New Technologies In Drug Discovery
Gemma Hardman

New Technologies In Drug Discovery

Target deconvolution—no longer a needle in the haystack

In recent years there has been a resurgence in the use of phenotypic-based screening for drug discovery, largely driven by the increasingly sophisticated cell models and assay readouts available to drug discovery scientists. There are many advantages of this approach which include the potential to identify novel druggable proteins and the fact that active compounds are already proven to work in a cellular setting. However, a major challenge of this drug development strategy is the subsequent need to identify the target of the drug molecule and elucidate a mechanism of action.

Whilst there is no regulatory requirement to know the molecular target of a new molecular entity (NME), having this knowledge can prove invaluable in the clinical progression of a compound, or the advancement of subsequent chemical series. Defining your on- and off- targets allows monitoring of efficacy and safety during the lead optimization phase often making this a key step in the drug development pipeline. Discovering the mechanism by which your compound works, or target deconvolution, has typically been seen as a time- and resource-intensive process, almost a needle in the haystack search. In recent years though the number of available strategies for target deconvolution has increased significantly, and now with a multi-pronged approach the chances of success are greatly improved.

These target deconvolution strategies can be based on functional genetic approaches which are concerned with identifying the genes responsible for the observed phenotypic response, whilst cellular profiling is used to interrogate the effects of treatment on a variety of factors including signalling, gene expression and/or metabolism. Affinity-based approaches are used to identify cellular interactions of the drug, for example via chemo-proteomics methodologies, and in this field in particular there are many powerful tools now available to us. Finally, knowledge-based strategies utilise existing information and often computational methods to make inferences about targets and MOAs. These various techniques are based on fundamentally different principles and thus can provide complementary information, which when considered as a whole may significantly speed up the path to target identification.
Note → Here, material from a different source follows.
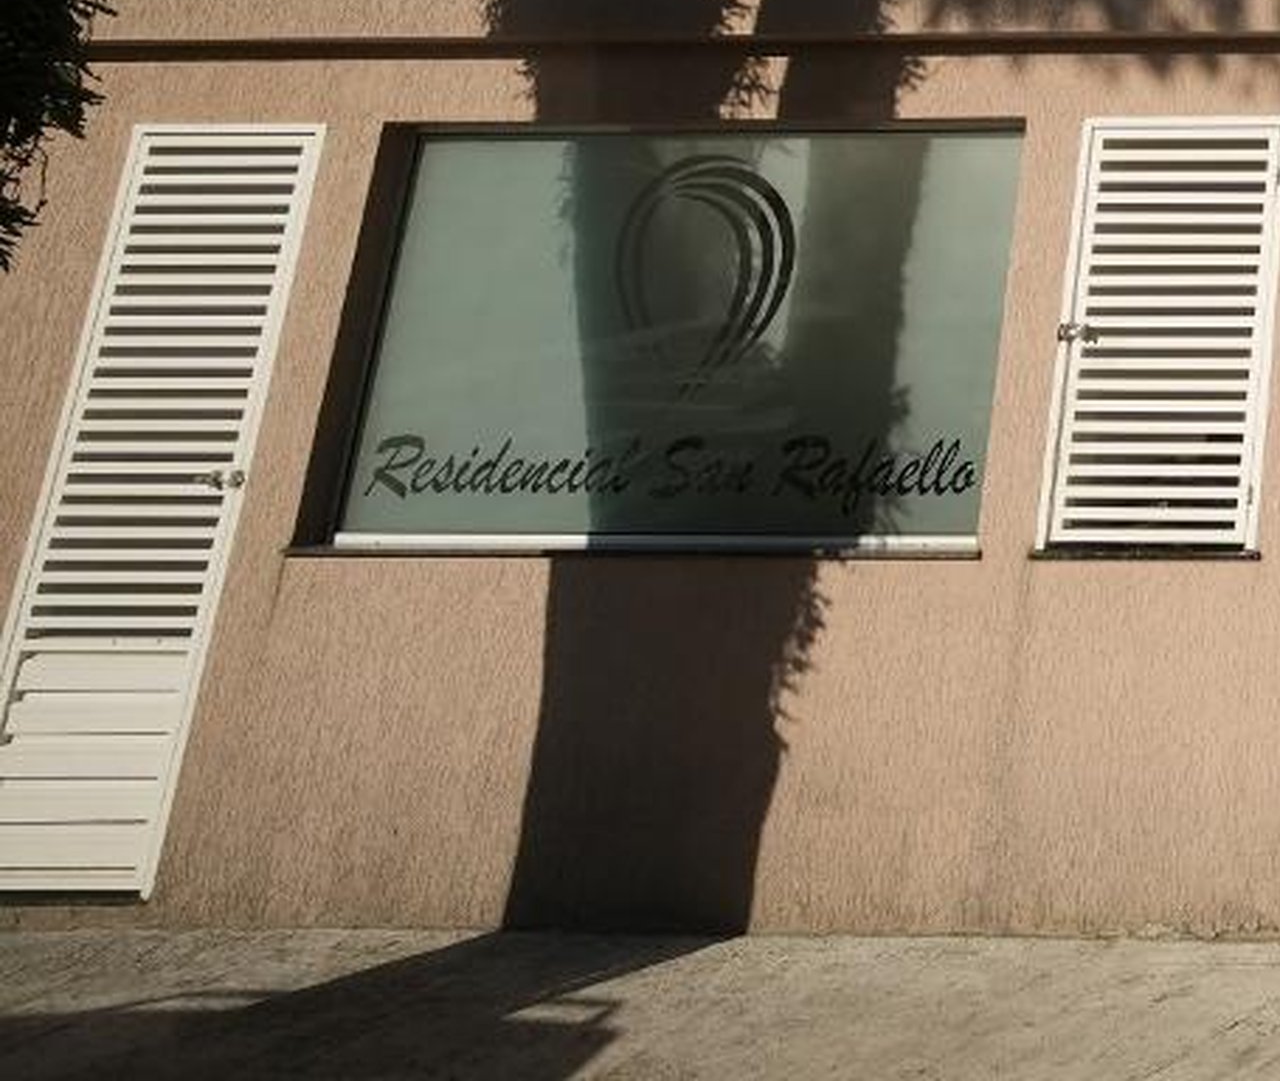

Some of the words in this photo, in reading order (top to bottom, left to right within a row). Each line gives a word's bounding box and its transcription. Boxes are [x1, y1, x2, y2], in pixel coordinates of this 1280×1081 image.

[363, 432, 638, 500] Residencial
[648, 434, 755, 499] San
[767, 434, 978, 517] Rafaello
Advances in the field of chemo-proteomics have provided us with various strategies for target deconvolution. In particular, photo-affinity labelling (PAL) is proving a popular approach. The premise of PAL is to take an active ligand and functionalise it in such a way as to give a compound that can covalently bind it’s interacting protein. From there the protein can be isolated from the biological system, by binding the drug-protein complex to a solid support in a technique known as a pull-down, before being identified through proteomics. Such methods allow enrichment of target proteins above usual cell proportions, and are a more robust approach compared to traditional affinity-based pull-downs, in which the drug in not covalently bound to target proteins. Advances in bio-orthogonal reactions allow in-cell labelling with such compounds, expanding their scope to encompass imaging techniques and support target ID with cellular localisation studies.
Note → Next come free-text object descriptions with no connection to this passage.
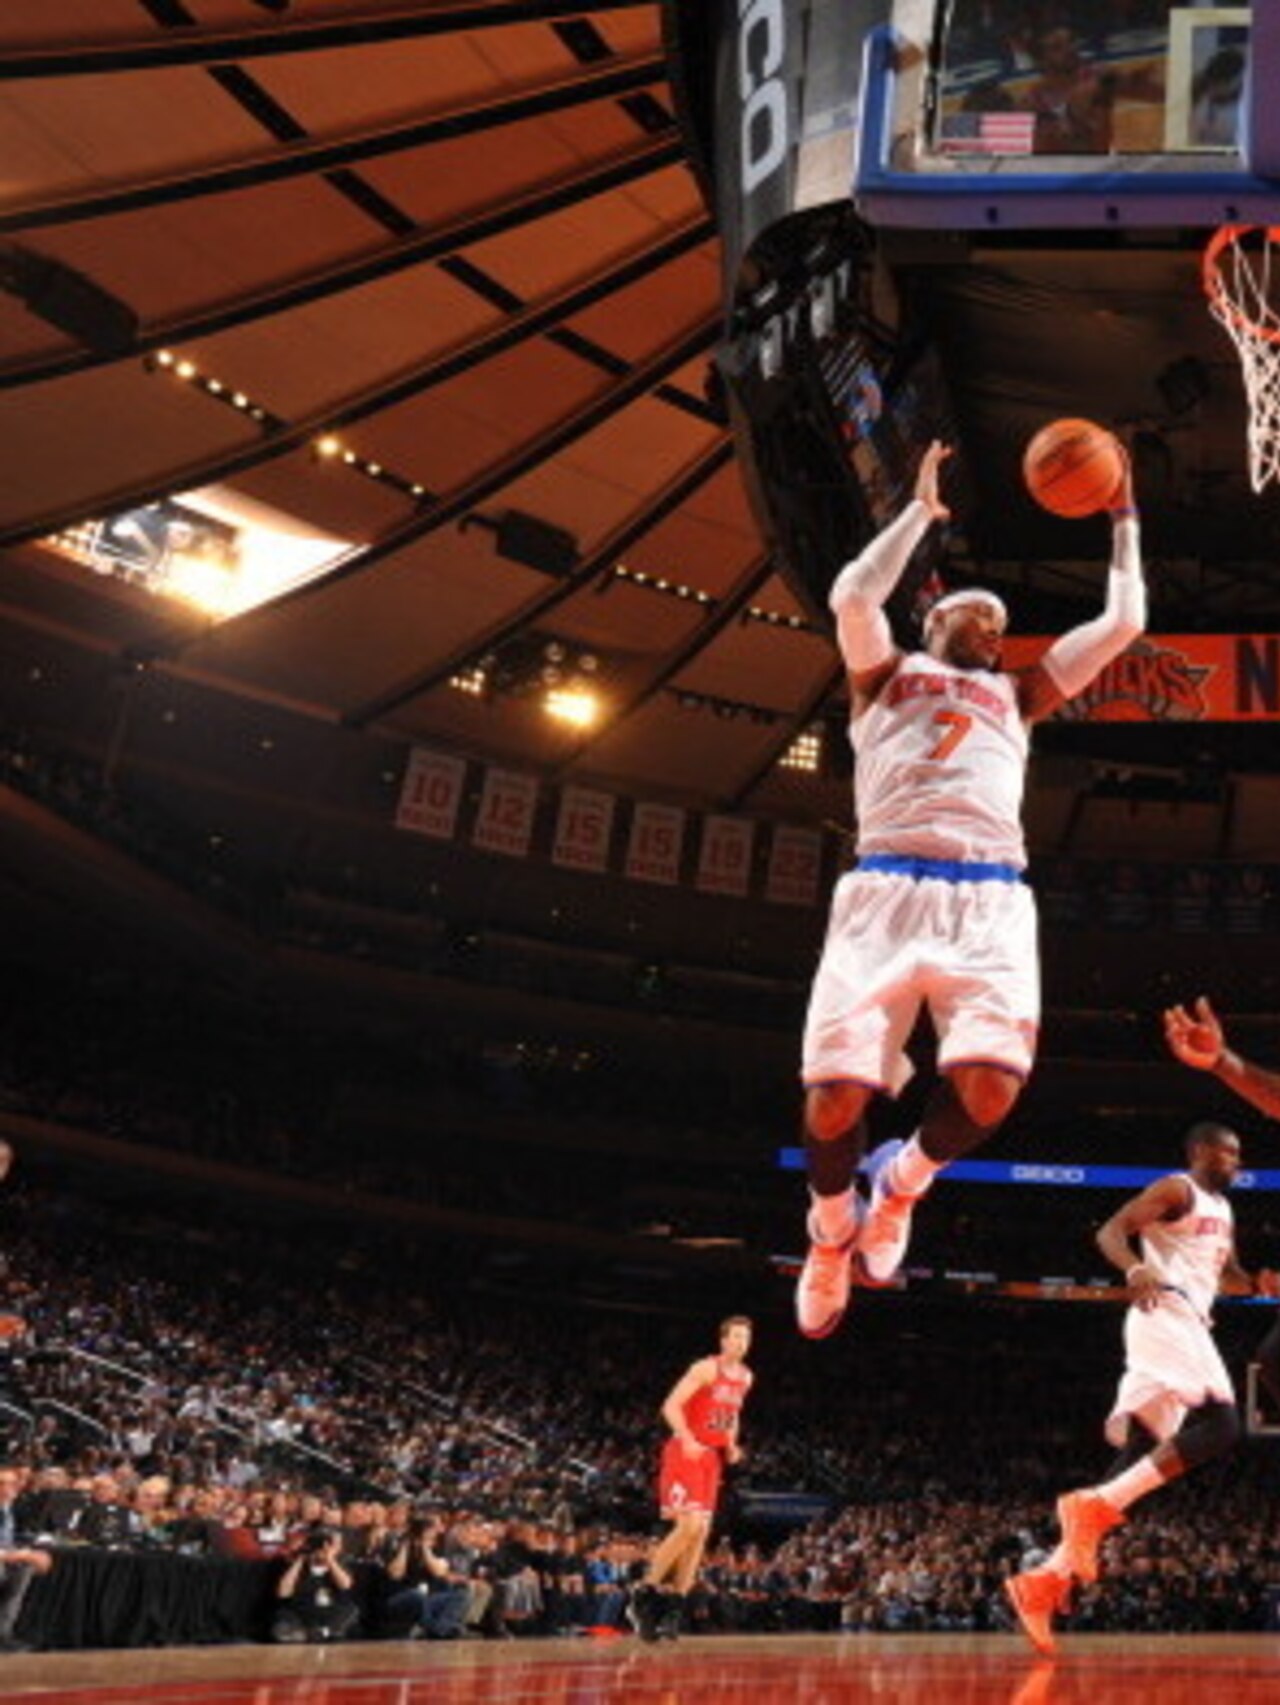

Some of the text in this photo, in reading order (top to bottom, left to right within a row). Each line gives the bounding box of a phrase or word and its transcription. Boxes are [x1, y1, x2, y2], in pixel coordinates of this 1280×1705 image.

[929, 709, 974, 760] 7
[412, 771, 450, 809] 10
[485, 793, 525, 829] 12
[565, 812, 602, 847] 15
[1011, 1164, 1085, 1184] GEICO
Alternative proteomics-based strategies for studying drug-protein interactions exploit the fact that the presence of a drug molecule in a biological system can cause changes to the thermal stability of proteins within that system. Techniques such as thermal proteome profiling (TPP) use proteomics to measure these protein stability changes, and the resulting information can reveal relevant drug-protein interactions. This technique can be used to measure drug-protein interactions in living cells, with no additional chemical modification required to the drug molecule of interest.

With all these tools at our disposal target deconvolution efforts have a much higher chance of success. Phenotypic screening in a disease relevant cellular assay followed by robust target deconvolution using a combination of increasingly sophisticated strategies is a powerful approach to modern drug discovery.